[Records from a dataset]

########

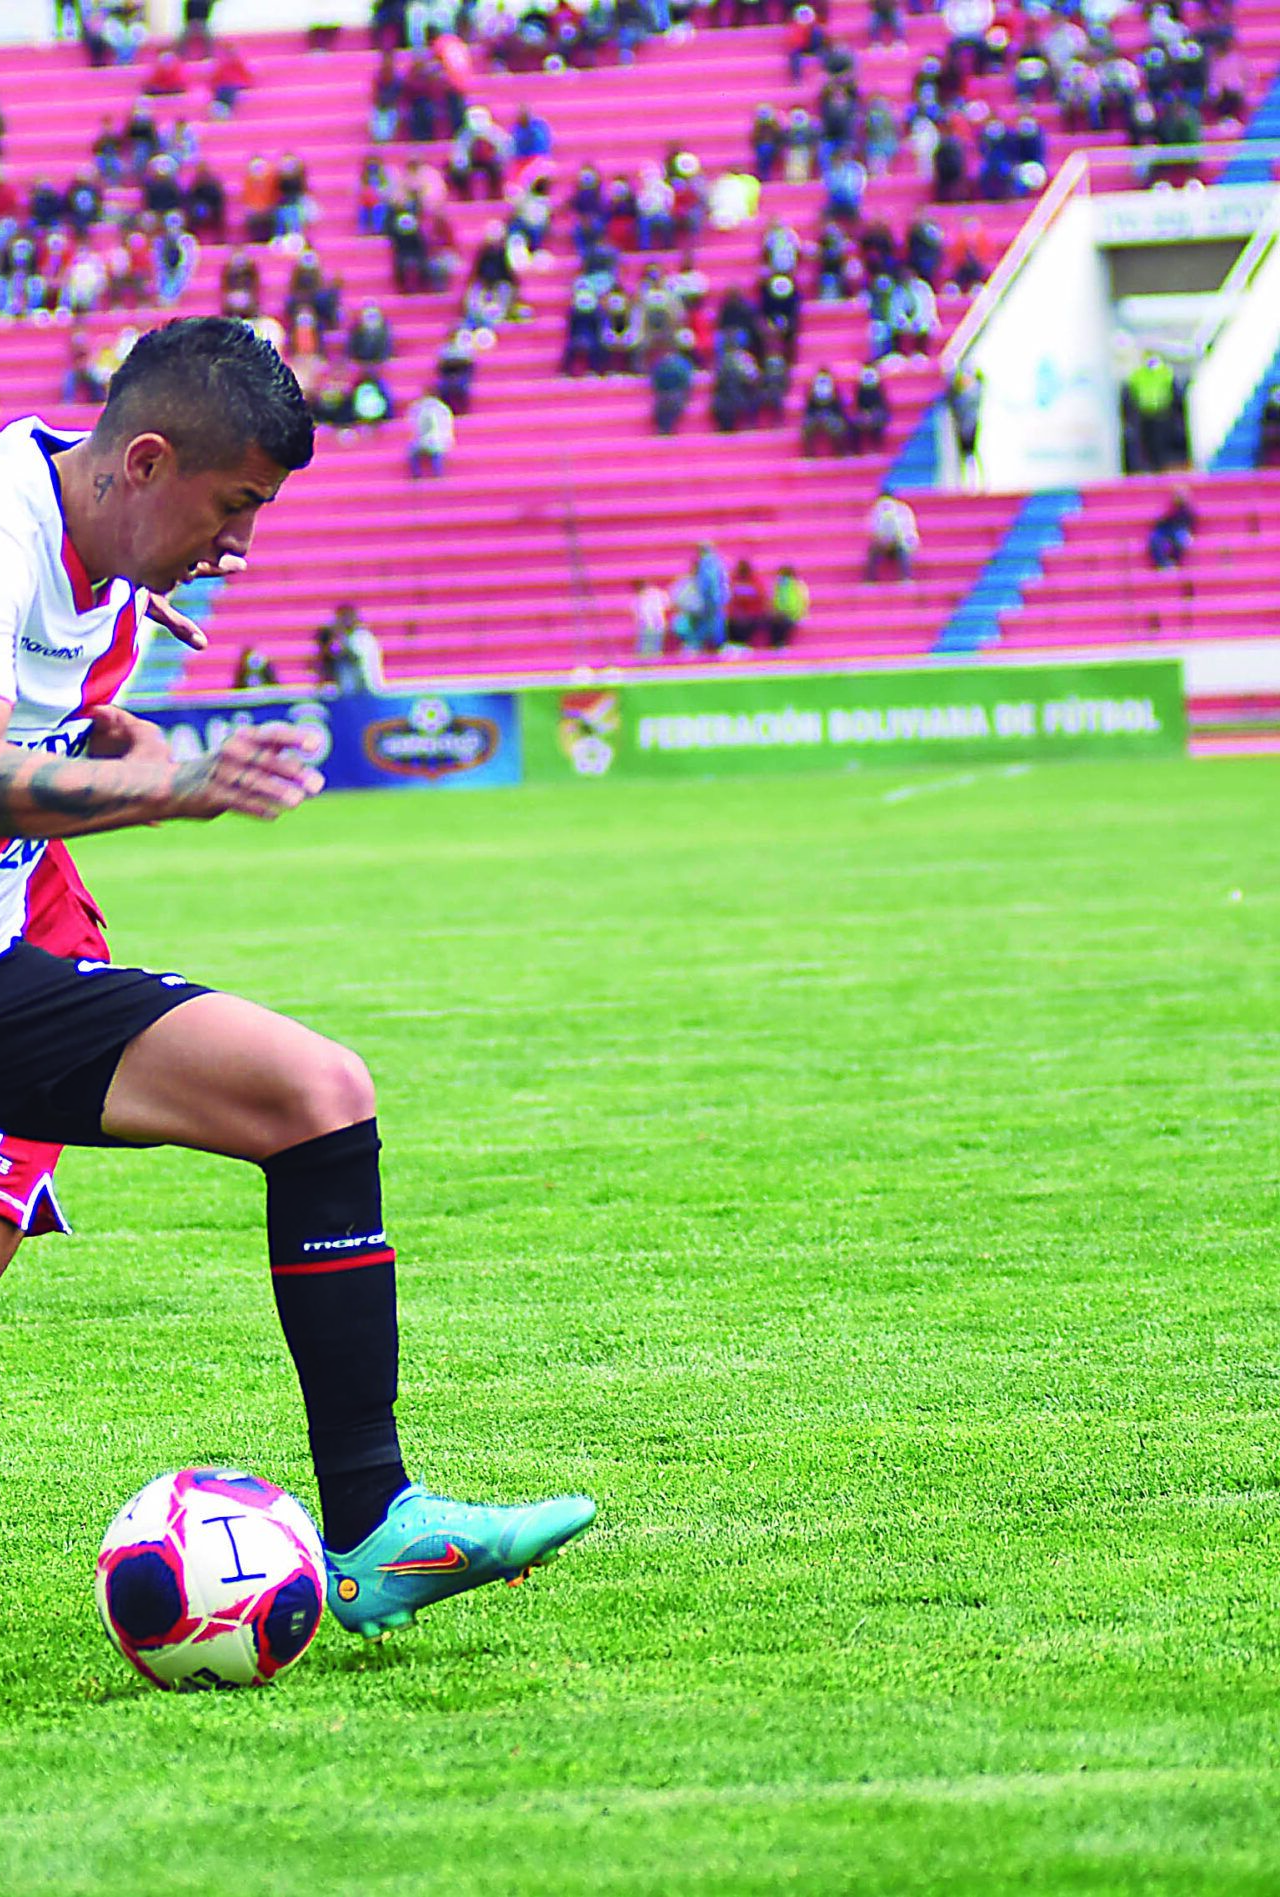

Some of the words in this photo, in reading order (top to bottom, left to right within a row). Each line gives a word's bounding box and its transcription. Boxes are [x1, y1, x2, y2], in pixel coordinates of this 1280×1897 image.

[637, 703, 822, 750] FEDERACIÓN
[827, 705, 987, 742] BOLIVIANA
[993, 702, 1037, 735] DE
[1043, 694, 1161, 735] FÚTBOL

########

**REQUIRED WORK:** In the copy, every entry must appear exactly as written, and no picture may appear.

**WRITTEN RESPONSE:**
Some of the words in this photo, in reading order (top to bottom, left to right within a row). Each line gives a word's bounding box and its transcription. Boxes are [x1, y1, x2, y2], in pixel coordinates of this 1280×1897 image.

[637, 703, 822, 750] FEDERACIÓN
[827, 705, 987, 742] BOLIVIANA
[993, 702, 1037, 735] DE
[1043, 694, 1161, 735] FÚTBOL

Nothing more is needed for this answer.